= TASK DESCRIPTION =
In your copy, include every line of the listing below exactly but none of the pictures.
---*---
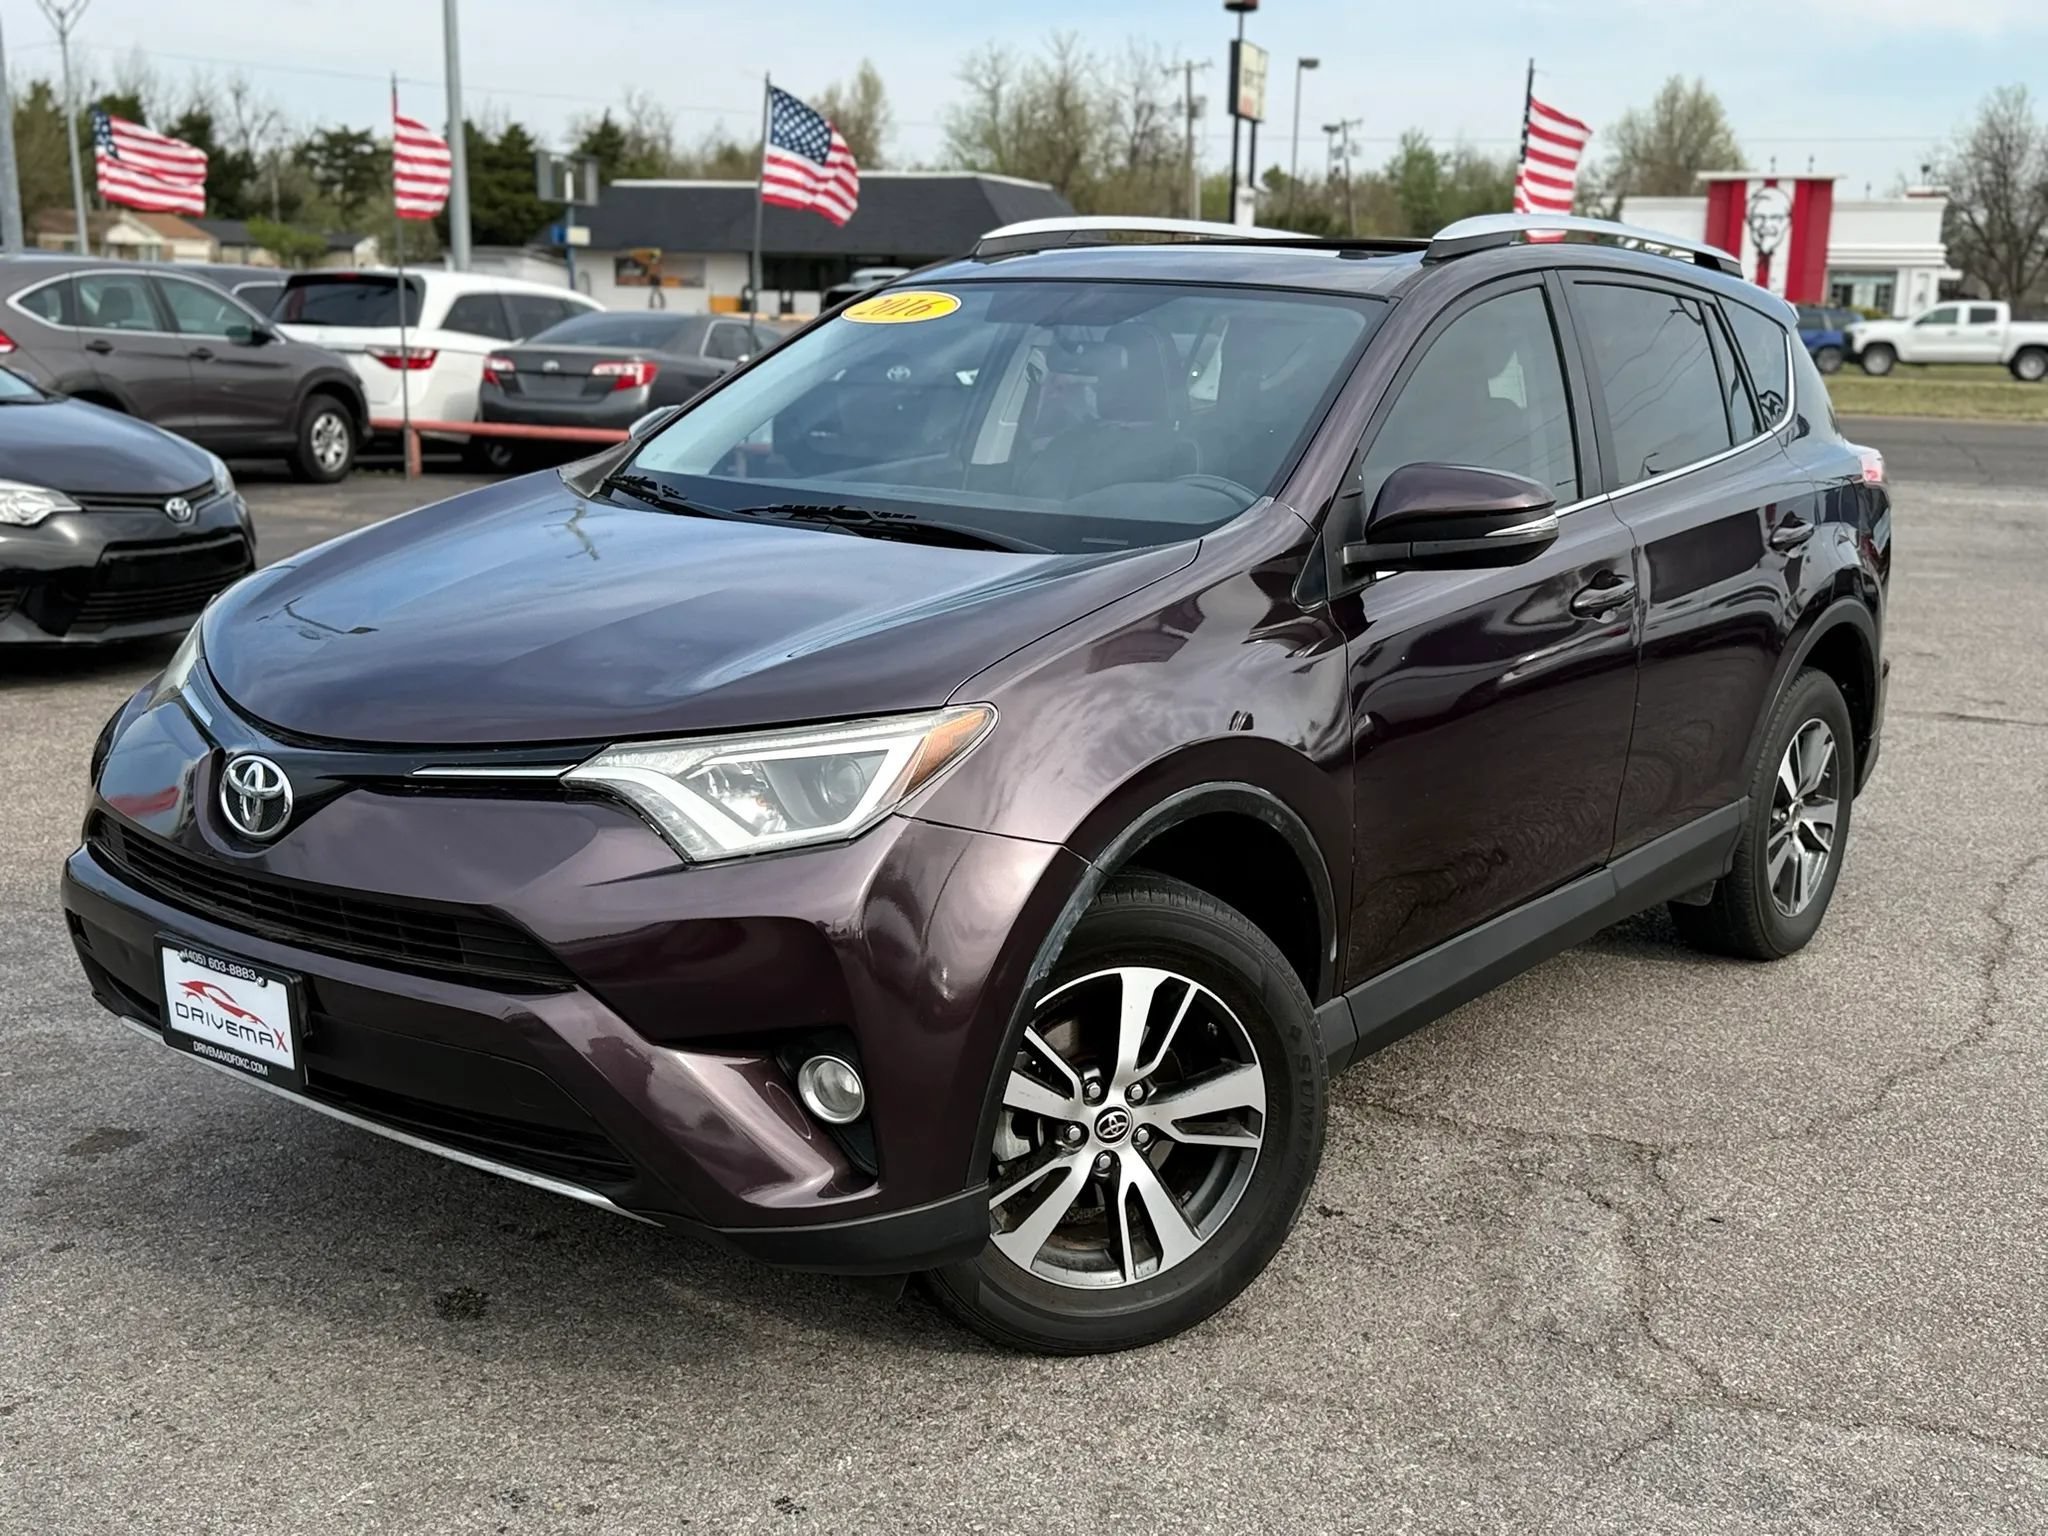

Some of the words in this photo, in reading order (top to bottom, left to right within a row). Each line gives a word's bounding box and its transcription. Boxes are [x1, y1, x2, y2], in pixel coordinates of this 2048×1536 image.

[851, 298, 949, 317] 2016
[184, 949, 207, 966] (405)
[207, 957, 257, 981] 603-8883
[175, 1001, 288, 1053] DRIVEMAX
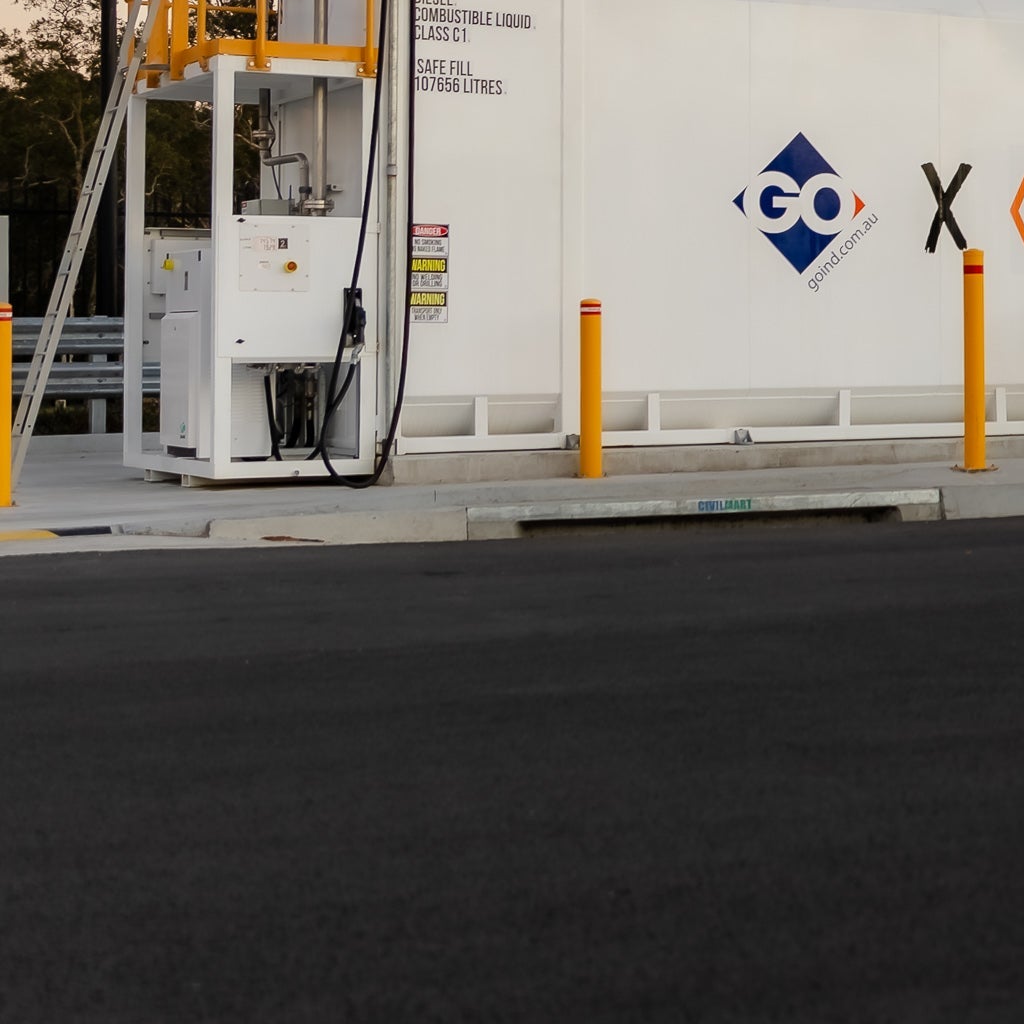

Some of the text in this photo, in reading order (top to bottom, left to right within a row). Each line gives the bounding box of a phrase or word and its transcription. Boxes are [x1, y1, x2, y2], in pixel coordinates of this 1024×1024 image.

[415, 7, 493, 26] COMBUSTIBLE
[415, 25, 449, 42] CLASS
[417, 59, 473, 76] SAFE FILL
[415, 76, 460, 93] 107656
[743, 171, 855, 236] GO
[920, 162, 973, 254] X
[415, 227, 442, 236] DANGER
[807, 213, 879, 292] goind.com.au
[412, 259, 446, 272] WARNING
[410, 293, 445, 306] WARNING
[698, 499, 751, 512] CIVILMART
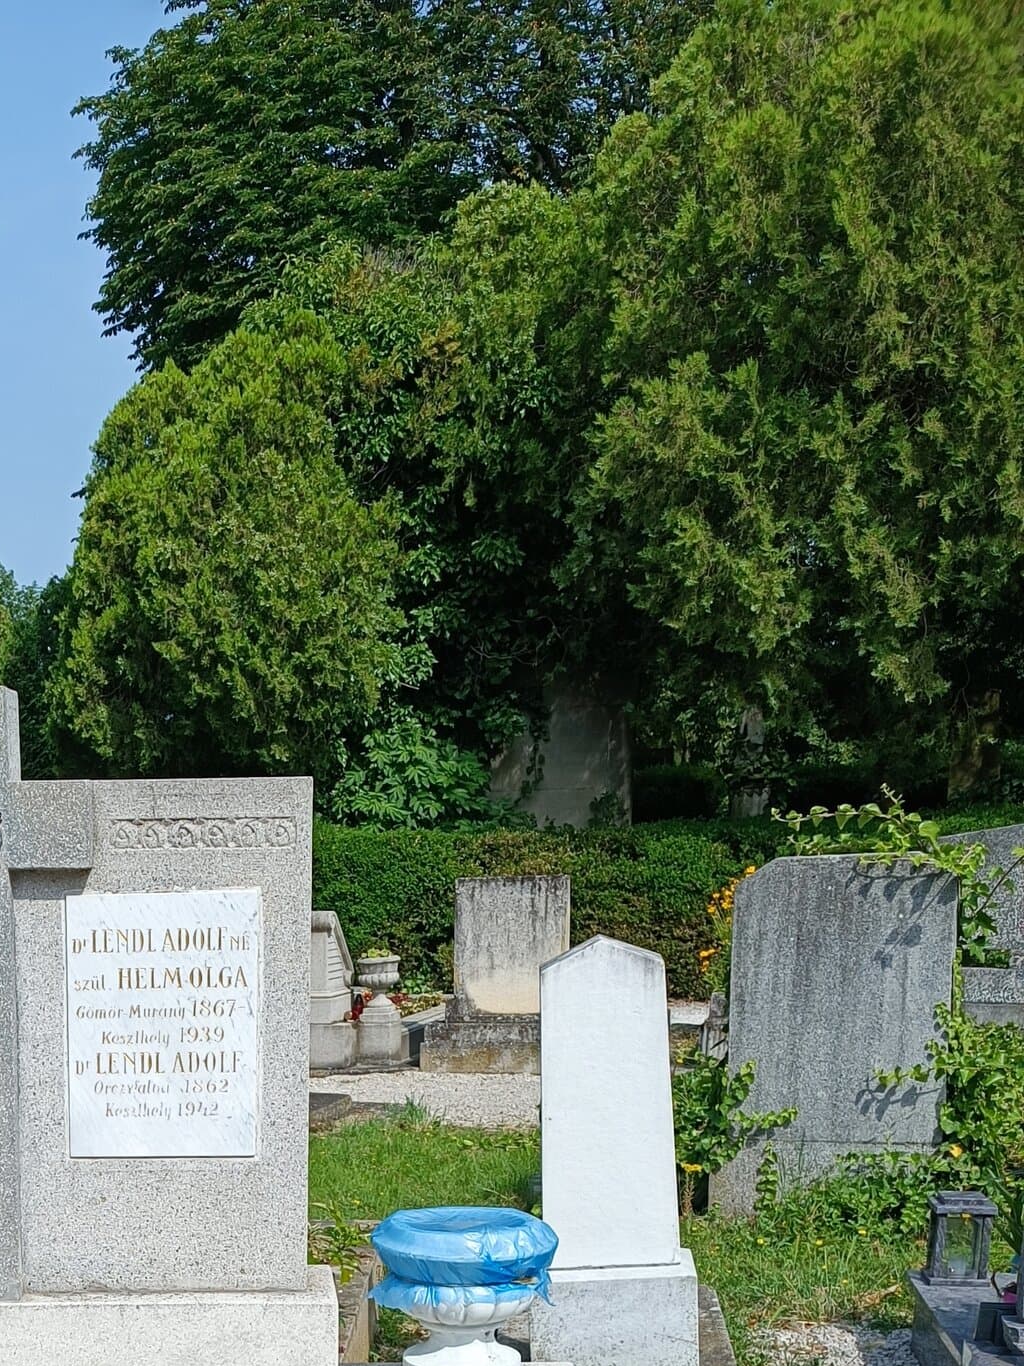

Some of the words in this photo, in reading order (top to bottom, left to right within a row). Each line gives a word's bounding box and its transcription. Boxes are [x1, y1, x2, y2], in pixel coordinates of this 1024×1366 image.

[90, 928, 157, 954] LENDL
[118, 967, 182, 991] HELM
[189, 965, 248, 990] OLGA
[101, 1030, 170, 1048] Keszthely
[180, 1026, 225, 1043] 1939
[96, 1052, 166, 1074] LENDL
[172, 1050, 244, 1074] ADOLF
[183, 1079, 230, 1094] 1862
[177, 1101, 219, 1118] 1942
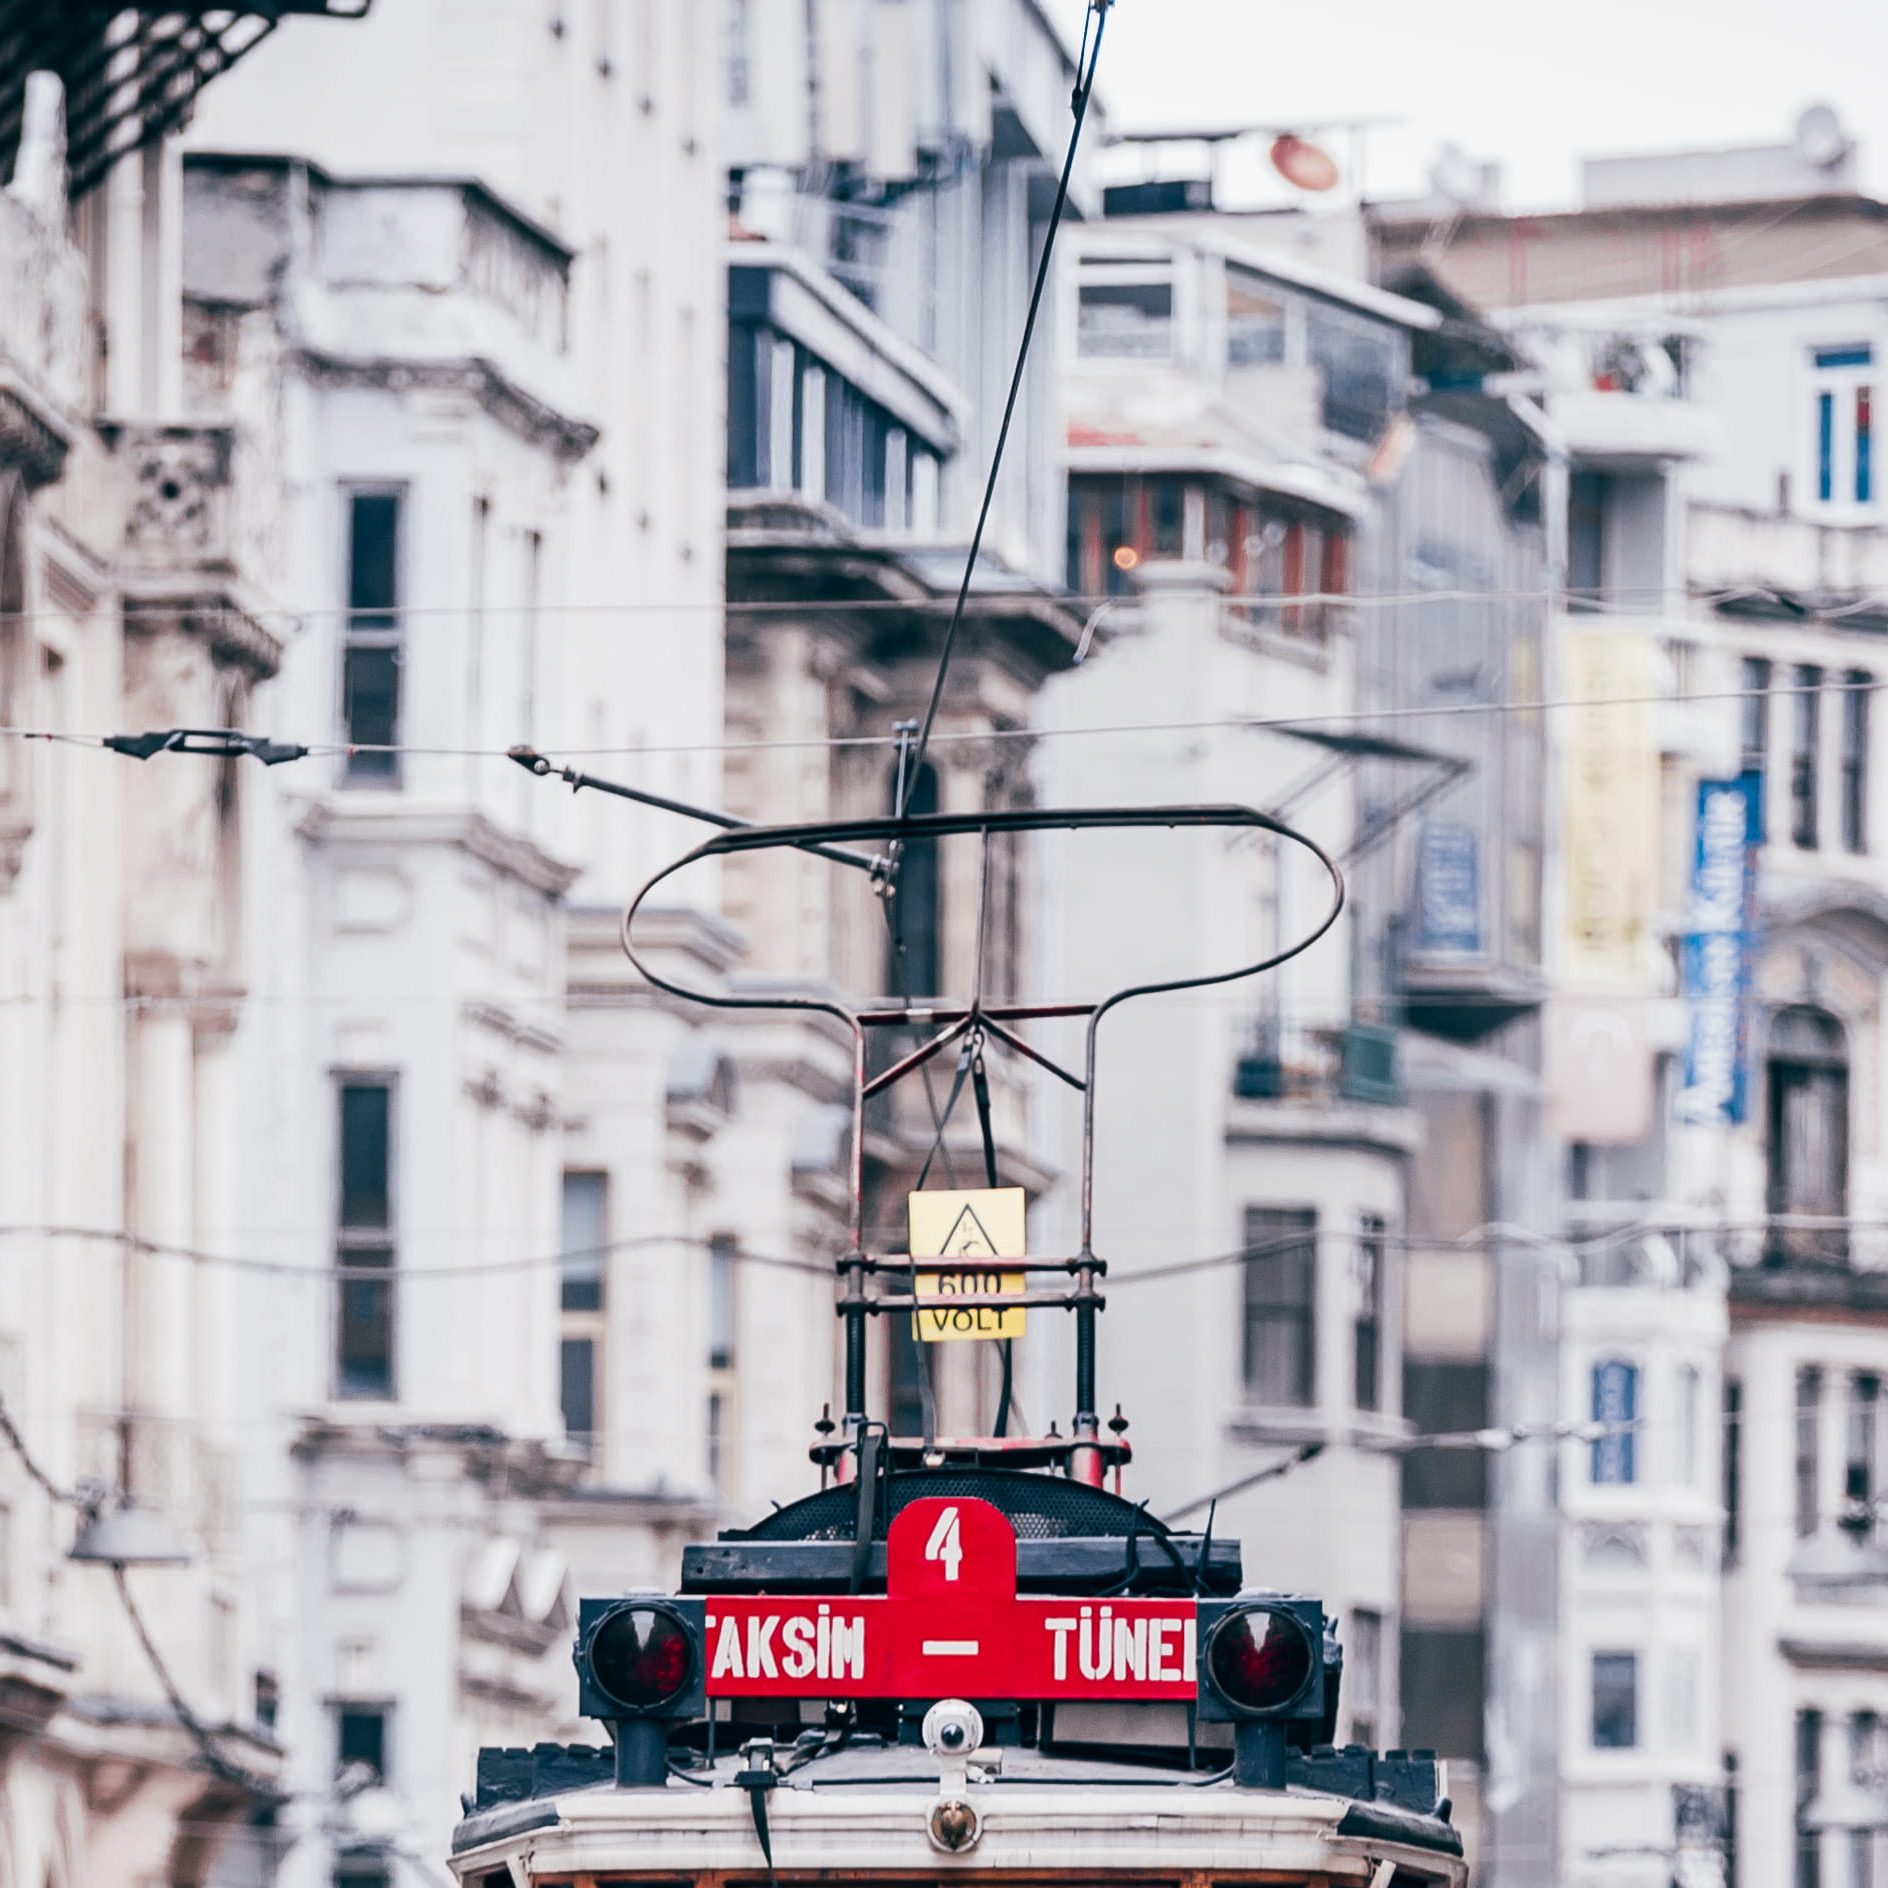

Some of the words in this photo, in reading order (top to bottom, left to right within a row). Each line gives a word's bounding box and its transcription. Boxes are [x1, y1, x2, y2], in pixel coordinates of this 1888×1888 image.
---*---
= ANSWER TO THIS PROBLEM =
Some of the words in this photo, in reading order (top to bottom, left to right within a row). Each line gives a word's bounding box and its transcription. Boxes are [x1, y1, x2, y2], in pixel coordinates of this 2048×1536 image.

[851, 298, 949, 317] 2016
[184, 949, 207, 966] (405)
[207, 957, 257, 981] 603-8883
[175, 1001, 288, 1053] DRIVEMAX

Some of the text in this photo, in reading order (top to bottom, left to right within a row). Each line gives the bounding box of a phrase or word and its transcription. Boxes are [x1, y1, x2, y2], in pixel coordinates of this 1024×1024 image.

[415, 7, 493, 26] COMBUSTIBLE
[415, 25, 449, 42] CLASS
[417, 59, 473, 76] SAFE FILL
[415, 76, 460, 93] 107656
[743, 171, 855, 236] GO
[920, 162, 973, 254] X
[415, 227, 442, 236] DANGER
[807, 213, 879, 292] goind.com.au
[412, 259, 446, 272] WARNING
[410, 293, 445, 306] WARNING
[698, 499, 751, 512] CIVILMART

Some of the words in this photo, in reading order (top to bottom, left to right within a row). Each line gives a word's bounding box and its transcription. Boxes are [x1, y1, x2, y2], in pixel coordinates of this 1024×1366 image.

[90, 928, 157, 954] LENDL
[118, 967, 182, 991] HELM
[189, 965, 248, 990] OLGA
[101, 1030, 170, 1048] Keszthely
[180, 1026, 225, 1043] 1939
[96, 1052, 166, 1074] LENDL
[172, 1050, 244, 1074] ADOLF
[183, 1079, 230, 1094] 1862
[177, 1101, 219, 1118] 1942

Some of the words in this photo, in reading order (top to bottom, left to right within a row). Each line gives a word's bounding box and its transcription. Boxes are [x1, y1, x2, y2], in pixel coordinates of this 1888×1888 image.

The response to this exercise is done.